Upon release, the internet was flooded with videos depicting dancing xenomorphs, broken AI and muddy textures. This would have been bad enough in isolation, but considering that the game we had been sold at E3 2012 was so radically different to the one filling up trade-in shelves, emotions started to morph from confusion and disappointment to pure anger.
For a start, the game fans bought was missing a lot of the textures, shadowing, dynamic lighting and cinematics that had been trailed at E3, and comparison videos by the likes of Videogamer served as damning indictments of developers Gearbox Software.
The inevitable fallout was something to behold. The debacle almost cost Gearbox its credibility, as fans rushed to decry CEO Randy Pitchford as a liar and a con man. YouTuber and reviewer Jim Sterling launched a barrage of criticisms and investigative reports at the developer, who eventually wound up getting sued for false advertising.

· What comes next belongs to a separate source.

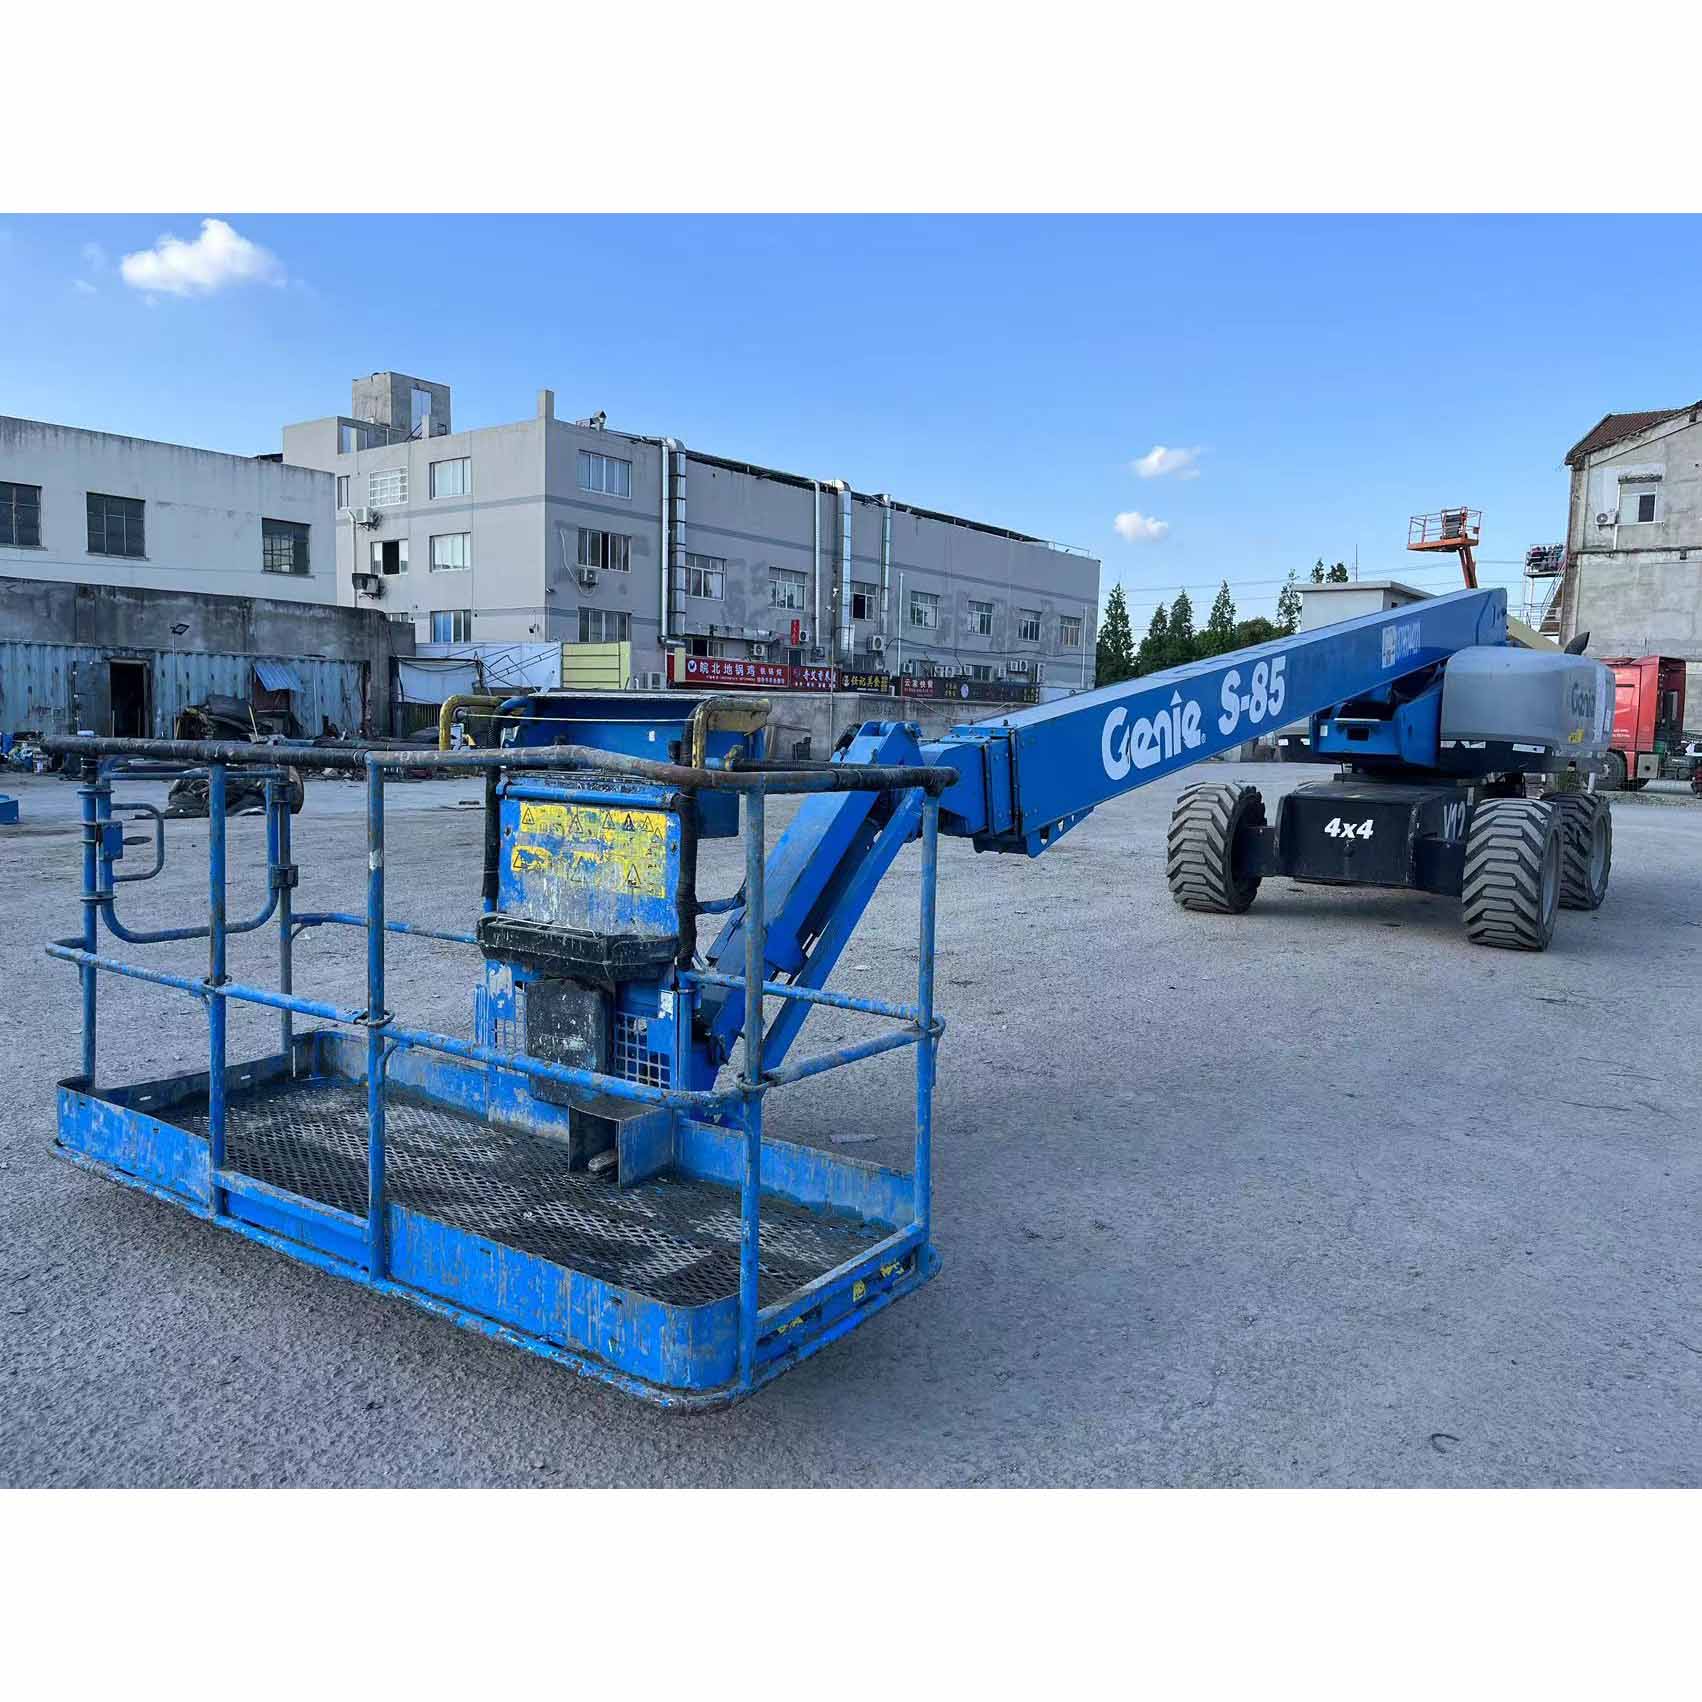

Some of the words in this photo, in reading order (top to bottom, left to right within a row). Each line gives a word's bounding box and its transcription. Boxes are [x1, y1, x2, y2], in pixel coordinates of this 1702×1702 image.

[1101, 689, 1201, 781] Genie
[1218, 656, 1287, 736] S-85
[1324, 817, 1374, 840] 4x4

Insider sources eventually revealed that significant portions of the game had been outsourced to other developers, while Gearbox shifted their workforce over to Borderlands. Gearbox has categorically denied these accusations, but have been completely unable to provide a sufficient explanation as to why the release version of Colonial Marines was so much worse than the game they had had convinced people to buy.